The data
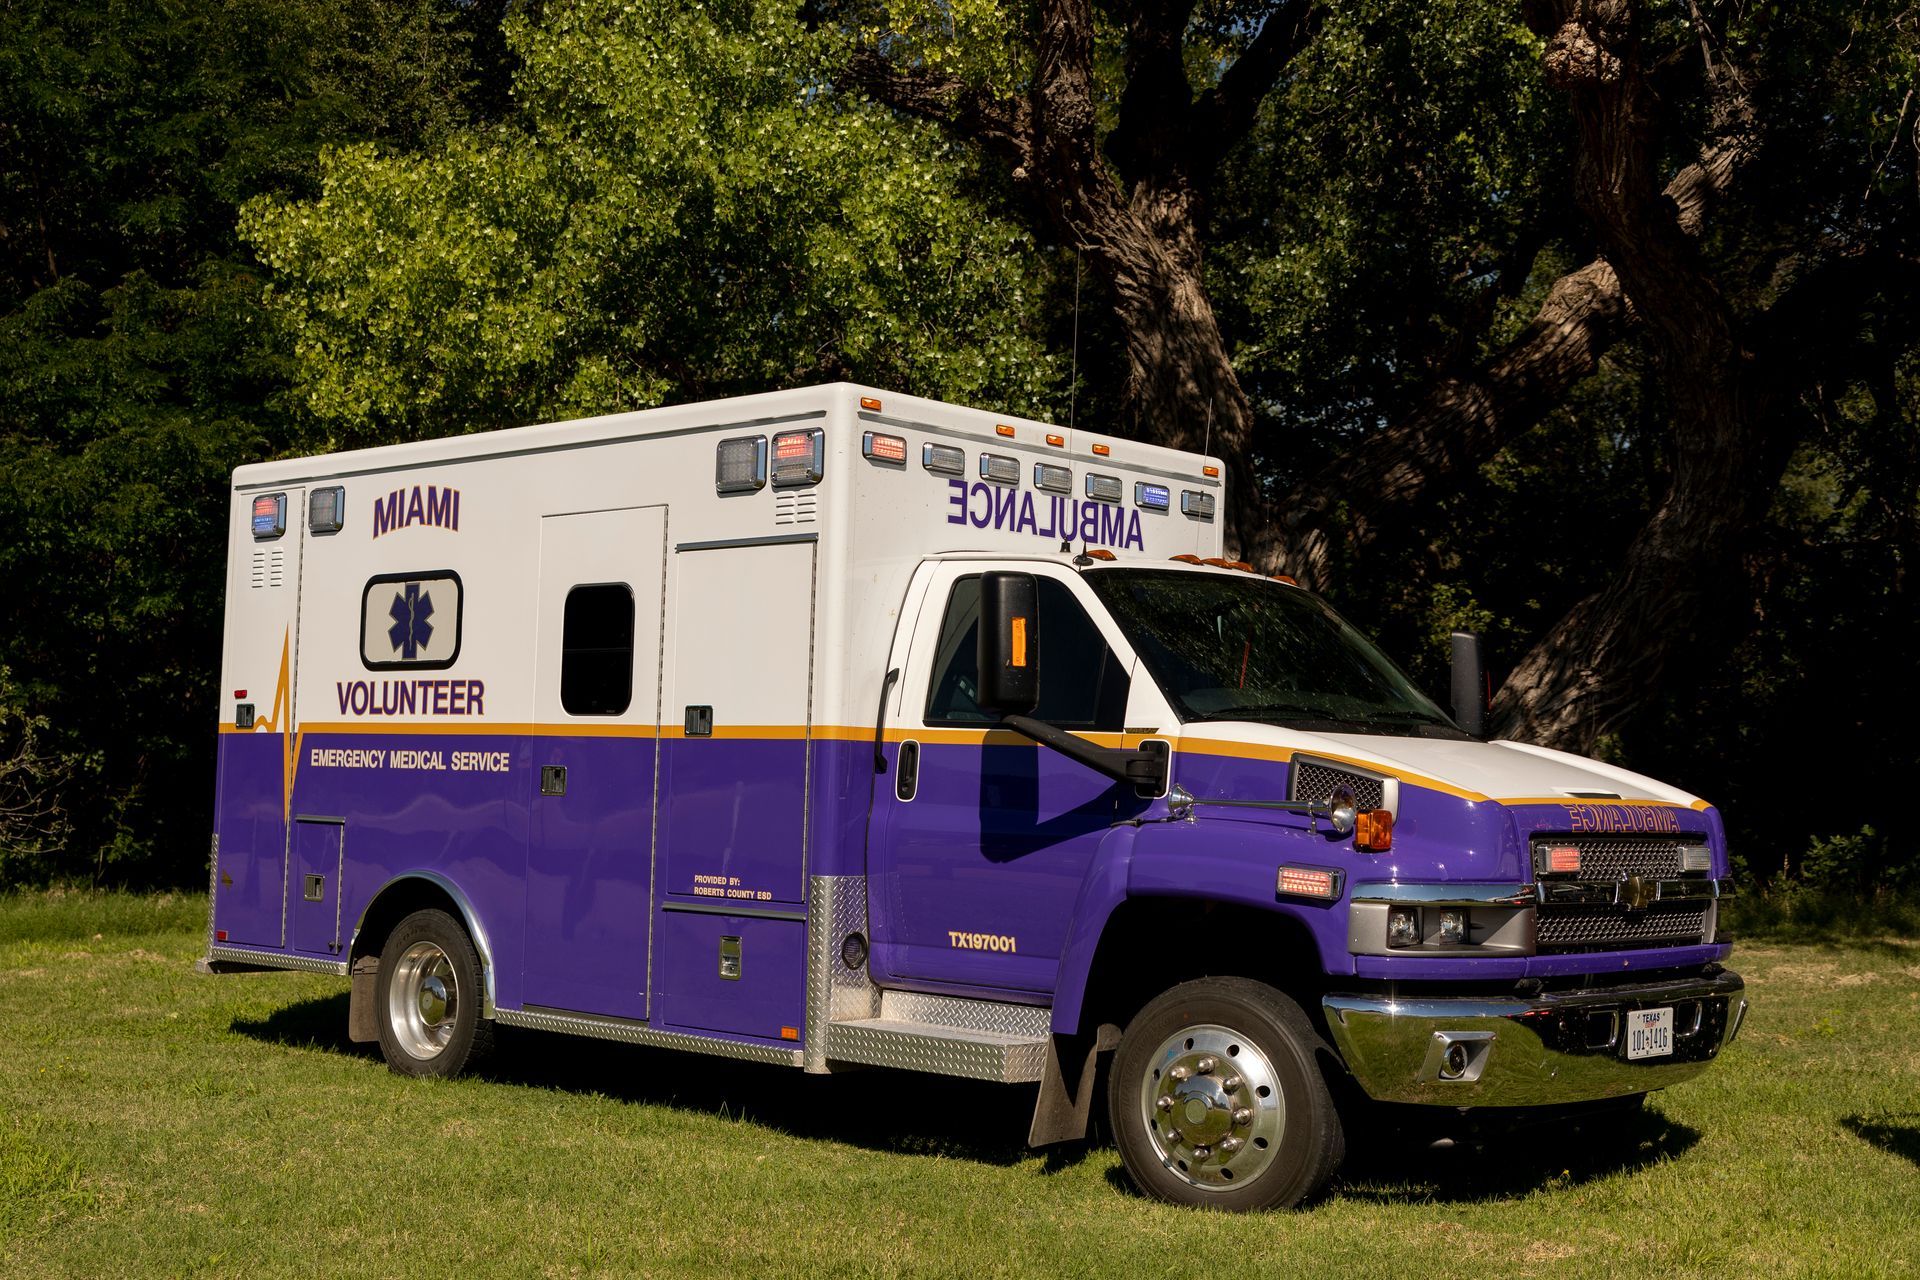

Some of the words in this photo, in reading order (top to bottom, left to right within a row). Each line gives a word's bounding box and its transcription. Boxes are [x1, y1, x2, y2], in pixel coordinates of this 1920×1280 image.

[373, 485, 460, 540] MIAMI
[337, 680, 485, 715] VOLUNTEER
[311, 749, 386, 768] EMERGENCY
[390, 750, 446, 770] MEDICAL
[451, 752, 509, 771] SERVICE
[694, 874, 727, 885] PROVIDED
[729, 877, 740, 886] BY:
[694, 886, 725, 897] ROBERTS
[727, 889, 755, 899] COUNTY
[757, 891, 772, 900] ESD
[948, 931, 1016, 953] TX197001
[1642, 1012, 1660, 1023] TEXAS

What you should do
Leave out the pictures and output the rest of the material exactly as written.

Task solution
Some of the words in this photo, in reading order (top to bottom, left to right within a row). Each line gives a word's bounding box and its transcription. Boxes are [x1, y1, x2, y2], in pixel coordinates of this 1920×1280 image.

[373, 485, 460, 540] MIAMI
[337, 680, 485, 715] VOLUNTEER
[311, 749, 386, 768] EMERGENCY
[390, 750, 446, 770] MEDICAL
[451, 752, 509, 771] SERVICE
[694, 874, 727, 885] PROVIDED
[729, 877, 740, 886] BY:
[694, 886, 725, 897] ROBERTS
[727, 889, 755, 899] COUNTY
[757, 891, 772, 900] ESD
[948, 931, 1016, 953] TX197001
[1642, 1012, 1660, 1023] TEXAS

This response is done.